Offa Street is a short side road in the very centre of Hereford, leading from East Street to St. Peter's Square, the site of Hereford's War Memorial. A sharp right where Offa Street meets St. Peter's Square, along St. Owen Street, and the eager VBCW tourist quickly arrives at Hereford Town Hall. But Offa Street itself has always remained somewhat anonymous:
Offa Street in late Victorian times. St Peter's Church prominent at the top of this anonymous side road. |
At No. 3 Offa Street lies the Victorian red brick Headquarters of the Hereford Cattle Society, formerly known as - big spoiler coming up - the Hereford Herd Book Society.
The Hereford Herd Book Society was founded in 1878 by Mr John Hungerford Arkwright of Hampton Court (Castle). This followed the publication of the first "herd book" of Hereford cattle in 1846 by Thomas Eyton of Wellington, Shropshire. As the modern day Cattle Society have recently noted : "Since 1886, the herd book has been closed to any animal with a sire or dam not previously recorded, so for over 130 years there has been continuous breeding."
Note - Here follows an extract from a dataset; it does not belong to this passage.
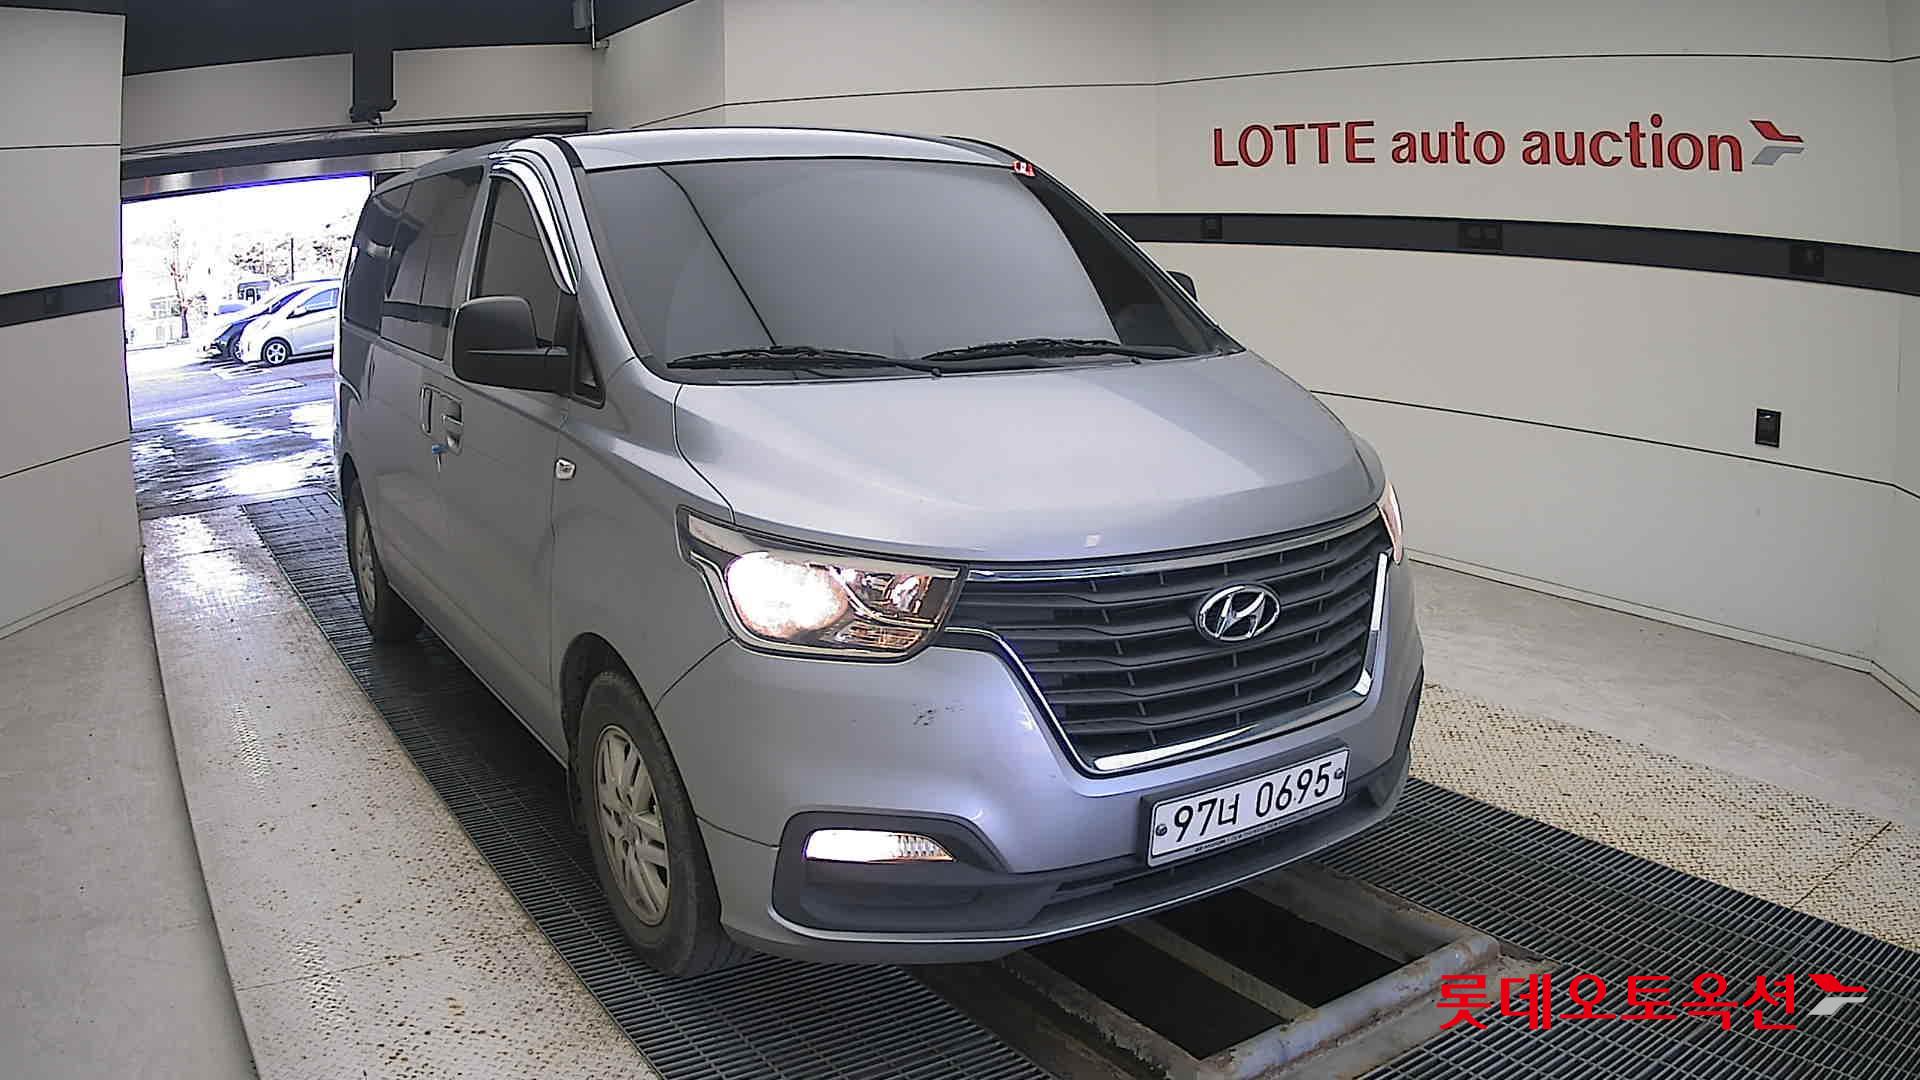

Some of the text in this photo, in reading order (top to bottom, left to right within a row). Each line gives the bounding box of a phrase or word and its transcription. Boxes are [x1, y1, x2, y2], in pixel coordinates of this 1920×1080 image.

[1213, 113, 1745, 173] LOTTE auto auction
[1173, 793, 1241, 843] 97너
[1255, 761, 1333, 818] 0695
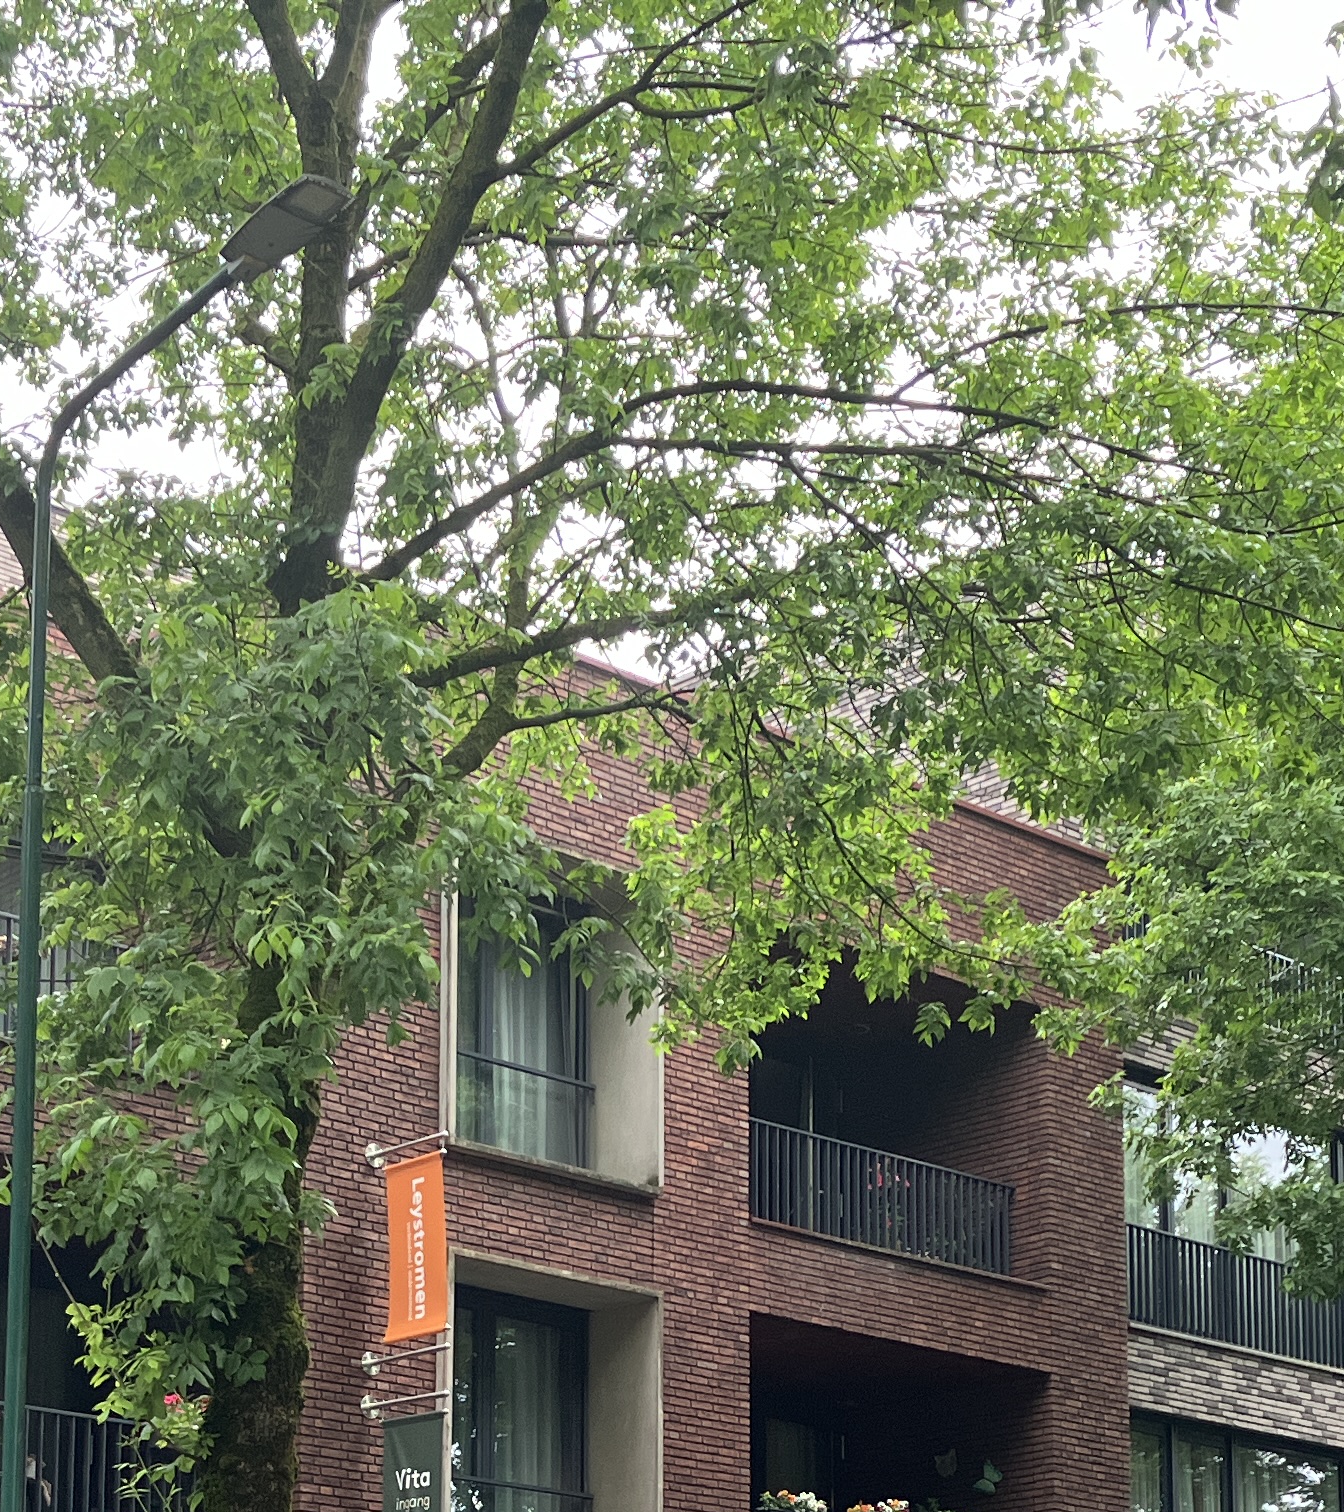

By 1938, of course, the Herd Book (in fact, by that time, quite a number of books) had some 50 years of records, not just of breeding, but of planned improvement via breeding. While the Cattle Society and Herefordshire's farmers were entirely innocent of any greater (or malign) purpose than increasing the heft and value of Hereford cattle, the presence of such a rare archive of biological information was an irresistible lure to a wide variety of less well disposed VBCW factions - principally the sinister eugenicists of the BUF "Scientific Research Section" and, for very different reasons, the Lysenkoists of the Presteigne Soviet.
Nor was that all. By 1938, the Hereford Herd Book Society had exported the Hereford breed to many different countries, principally the United States of America and Ireland. Acquisition of original historical breeding records, represented by the "Hereford Herd Book", could therefore be considered a "top national priority" in these countries, and the rumoured despatch (with full deniability, of course) of "Snatch Squads" from Washington and Dublin to the chaos of VBCW Herefordshire is still a matter of heavily contested debate within specialist historical circles.
One day, perhaps, the full and accurate story of the valiant defence of the original "Herd Book" by members of the Hereford Society will be told - the smuggling of the records, the checkpoints, the betrayals and gun-battles. However and for some time yet, we suspect, it will still remain "The Secret of Offa Street"....
Notes :
(1). for an interesting and detailed view of the Arkwright family and of Hampton Court, see HERE.
(2). for our "List of Hereford Country Houses", including Hampton Court, see HERE
(3). for the modern day Hereford Cattle Society, including valuable particulars of forthcoming stock auctions and semen sales, see HERE. For obvious and entirely understandable reasons, the Cattle Society's historical commentary entirely omits any mention of "the difficult years" of the VBCW.
(4). Equally unsurprising, at least to dedicated VBCW researchers, the relevant national records of the United States and the Republic of Ireland are either still under permanent security embargo, or simply listed as "missing, presumed lost".
(5). For a speculative and highly colourised American account of relevant VBCW events, published shortly after "The Pentagon Papers" in 1968 and therefore shorn of the public attention it otherwise deserved, see "The Hereford Herd Book Heist" by Runyon (Area 51 Publishers, Nevada). It is now difficult to get hold of a copy, perhaps on the basis that the US Govt. are alleged to have instituted a "mass purchase initiative", but the occasional PDF can still be found on the dark web.